Menstrual hygiene products
Society and culture
Costs and tax
Tampon tax is a shorthand for sales tax charged on tampons, pads and menstrual cups. The cost of these commercial products for menstrual management is considered to be unacceptably high for many low-income women. At least half a million women across the world do not have enough money to adequately afford these products. This can result in missing school or even dropping out. Several initiatives worldwide advocate to eliminate the tax all together. In some countries, such petitions have already been successful (for example parts of the UK and the United States).
Many people believe the tampon tax should be abolished because tampons are a necessity for women. They consider the tax discriminatory because things like prescription drugs and condoms are not taxed. Lawmakers around the country have started to take notice. Many have taken measures to exempt menstrual hygiene products from the sales tax. Some lawmakers have even succeeded.

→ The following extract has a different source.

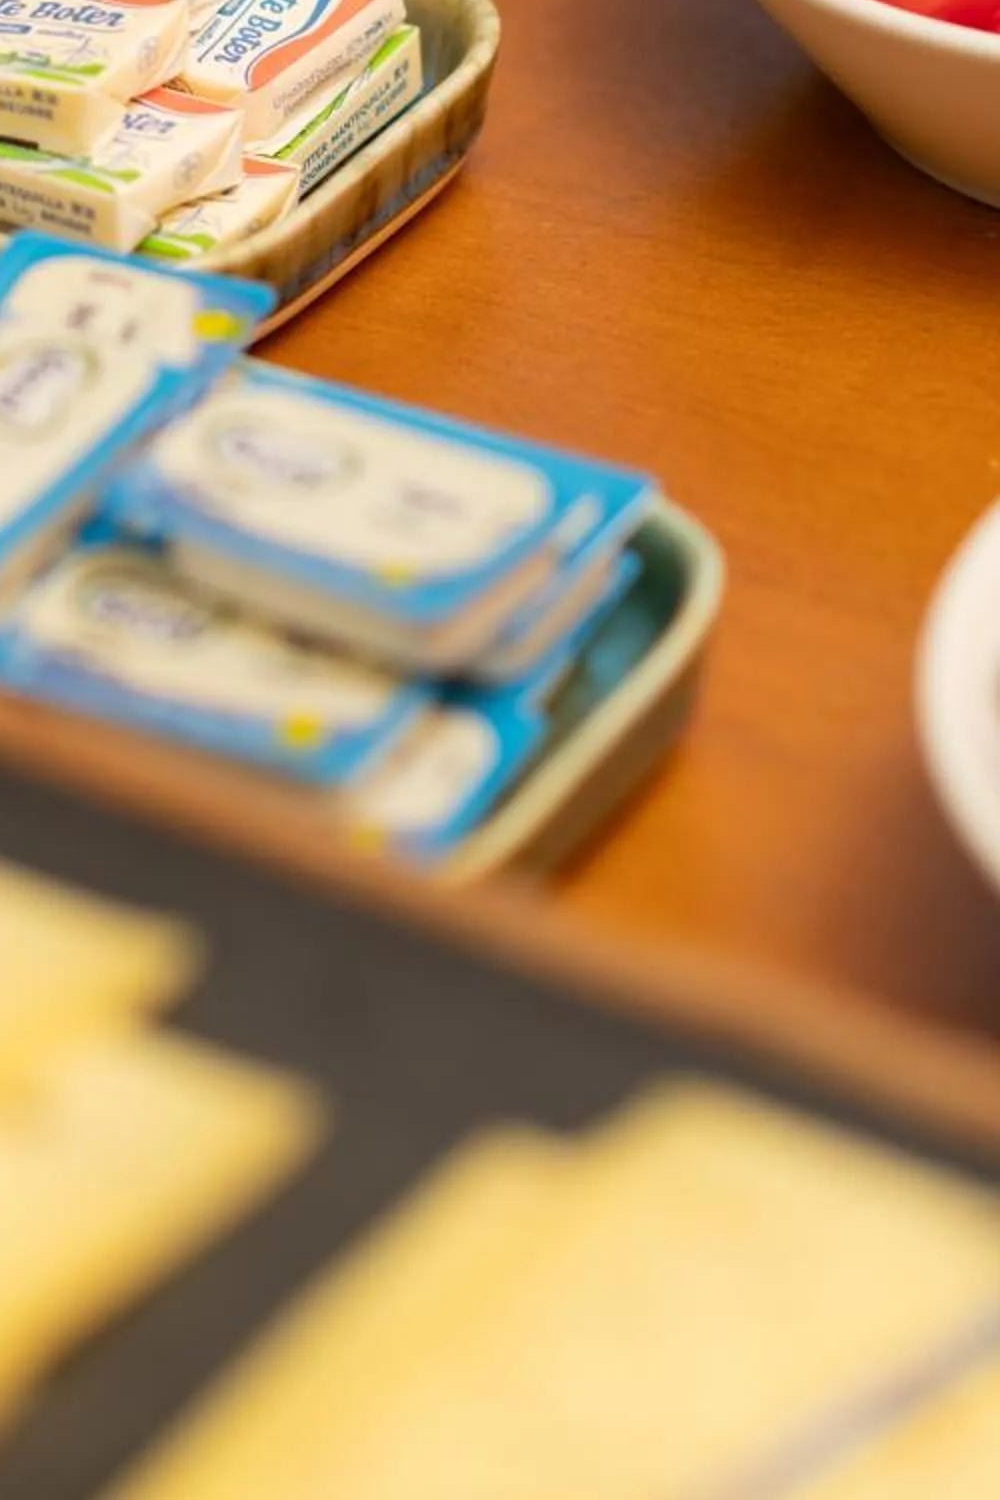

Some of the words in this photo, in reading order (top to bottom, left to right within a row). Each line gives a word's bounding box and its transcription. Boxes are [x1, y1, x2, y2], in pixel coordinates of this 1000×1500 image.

Access to products in prisons
The Federal bureau of Prisons in the United States announced that women in its facilities would be guaranteed free menstrual pads and tampons. In section 411 of the First Step Act which was passed on May 22, 2018 states, "The Director of the Bureau of Prisons shall make the healthcare products described in subsection (c) available to prisoners for free, in a quantity that is appropriate to the healthcare needs of each prisoner"
Women around the world are highlighting the environmental costs of using menstruation products containing plastic and chemicals, calling for increasing use of reusable products. Companies are manufacturing reusable period panties, cloth menstrual pads, menstrual cups, biodegradable sanitary napkins and other eco-friendly products. India, with one of the largest populations in the world, alone produces 1,13,000 tonnes of menstrual waste annually. In the global south, especially countries like India, also have concerns around manual scavenging where menstrual wastes are picked and segregated by hand, by people. Sustainable menstruation aims to promote menstruation products containing less chemicals and plastic.